Dielectric characterization of collagen, elastin, and aortic valves in the low temperature range

The low temperature dielectric relaxation of porcine aortic valves and its main macromolecular proteins. i.e. elastin and collagen, have been investigated in the dry state and at low levels of hydration by thermally stimulated currents spectrometry, with an equivalent frequency of 10(-3) Hz. Two secondary relaxation modes, labeled gamma and beta with increasing temperature, are found for the three materials. Since the gamma-mode is independent upon hydration while the beta-mode is strongly plasticized by water, these relaxation modes have been attributed to localized motions of the polypeptidic chains containing apolar and polar residues, respectively. The deconvolution of the beta-mode by fractional polarization gives the experimental distribution of the dielectric relaxation times of the three materials, and allows us to deduce the activation parameters of each elementary process. These analyses shows the existence of compensation phenomena between the activation parameters, implying cooperative mechanisms. The occurrence of these phenomena with their characteristic parameters are used to specify the origin of the localized relaxation modes in collagen and elastin, and to assign the specific role of each protein in the aortic valves.

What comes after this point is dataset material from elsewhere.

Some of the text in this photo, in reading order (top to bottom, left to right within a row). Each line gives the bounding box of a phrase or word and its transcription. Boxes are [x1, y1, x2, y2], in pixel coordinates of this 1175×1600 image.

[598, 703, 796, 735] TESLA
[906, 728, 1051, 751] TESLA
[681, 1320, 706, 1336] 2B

Alterations in the chain dynamics of insoluble elastin upon proteolysis by serine elastases

The high temperature dielectric relaxations of purified and elastolized ligamentum nuchae elastin in the dry state have been investigated by thermally stimulated depolarization current spectrometry, with an equivalent frequency comprised between 10(-2) and 10(-3) Hz. A main relaxation mode, located close to 150 degrees C and attributed to the dielectric manifestation of a glass transition, is found for all samples. After decomposition by the fractional polarization method, the analysis of the high temperature mode shows the existence of two relaxation mechanisms: a cooperative one, associated with flexible zones of the protein, and an isoenthalpic one, corresponding to more ordered and constrained zones. The activation parameters of the two mechanisms are dependent on the extent of elastolysis and on the nature of enzyme (pancreatic elastase vs leukocyte elastase). Both enzymes influence the dielectric behavior of elastin in a similar way: the activation enthalpy maximum of the relaxing units located in the flexible zones, characteristic of the cooperative length, decreases with increasing hydrolysis. Moreover, the isoenthalpic mechanism becomes cooperative at the highest extent of elastolysis, which highlights release of constraints in ordered zones. Nevertheless, the differences found between the two enzymatic hydrolyses are characteristic of distinct sites of cleavage in the elastin network.

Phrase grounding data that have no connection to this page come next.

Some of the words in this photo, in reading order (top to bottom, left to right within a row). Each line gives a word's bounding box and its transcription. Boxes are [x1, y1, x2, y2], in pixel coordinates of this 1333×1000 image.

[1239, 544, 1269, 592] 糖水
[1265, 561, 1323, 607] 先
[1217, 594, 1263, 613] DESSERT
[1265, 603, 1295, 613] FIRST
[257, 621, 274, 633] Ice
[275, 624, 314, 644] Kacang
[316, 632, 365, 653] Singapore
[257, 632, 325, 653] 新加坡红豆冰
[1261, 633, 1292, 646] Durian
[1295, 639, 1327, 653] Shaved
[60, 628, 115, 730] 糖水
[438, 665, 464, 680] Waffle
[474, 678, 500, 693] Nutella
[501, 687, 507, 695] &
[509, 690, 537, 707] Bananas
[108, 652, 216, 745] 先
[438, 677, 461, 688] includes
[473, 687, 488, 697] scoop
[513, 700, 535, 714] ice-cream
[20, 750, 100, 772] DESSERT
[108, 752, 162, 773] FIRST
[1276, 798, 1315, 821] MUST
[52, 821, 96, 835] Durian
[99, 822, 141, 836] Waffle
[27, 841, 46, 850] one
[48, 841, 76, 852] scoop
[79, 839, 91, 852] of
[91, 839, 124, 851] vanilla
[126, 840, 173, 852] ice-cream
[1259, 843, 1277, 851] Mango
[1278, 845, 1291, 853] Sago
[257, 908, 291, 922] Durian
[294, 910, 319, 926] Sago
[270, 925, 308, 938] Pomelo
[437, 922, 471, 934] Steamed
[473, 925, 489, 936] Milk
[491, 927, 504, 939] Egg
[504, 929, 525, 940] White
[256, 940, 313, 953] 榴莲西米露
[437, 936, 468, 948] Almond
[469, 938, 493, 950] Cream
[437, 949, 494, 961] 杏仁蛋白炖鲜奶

Characterisation of elastin and collagen in aortic bioprostheses

Porcine aortic valves used as cardiac valve bioprostheses are well adapted to physiological functions in the short term, but they lack long-term durability. Several multi-step extractions have been performed to obtain a perfectly acellular matrix. A new physical methodology is proposed to evaluate the resulting fibrous protein damage after biochemical extraction (TRI-COL and SDS). Thermal analysis techniques are adapted to collagen and elastin characterisation in the solid state. The aortic tissue thermal transitions are determined by differential scanning calorimetry (DSC): elastin glass transition is observed around 200 degrees C, and collagen denaturation is observed around 230 degrees C. These parameters are characteristic of the elastin network arrangement and of collagen triple-helix stability. The technique of thermostimulated currents (TSC) is well suited to specify the chain dynamics of proteins. The low-temperature relaxations observed in both collagen and elastin are associated with localised motions, whereas the high-temperature modes are attributed to more delocalized motions of the chains. Therefore TSC and DSC spectrometries allow physical parameters specific to collagen and elastin to be obtained and their interaction in aortic tissues to be determined. According to the significant evolution of these parameters on SDS samples, the destabilizing effect of this detergent is highlighted.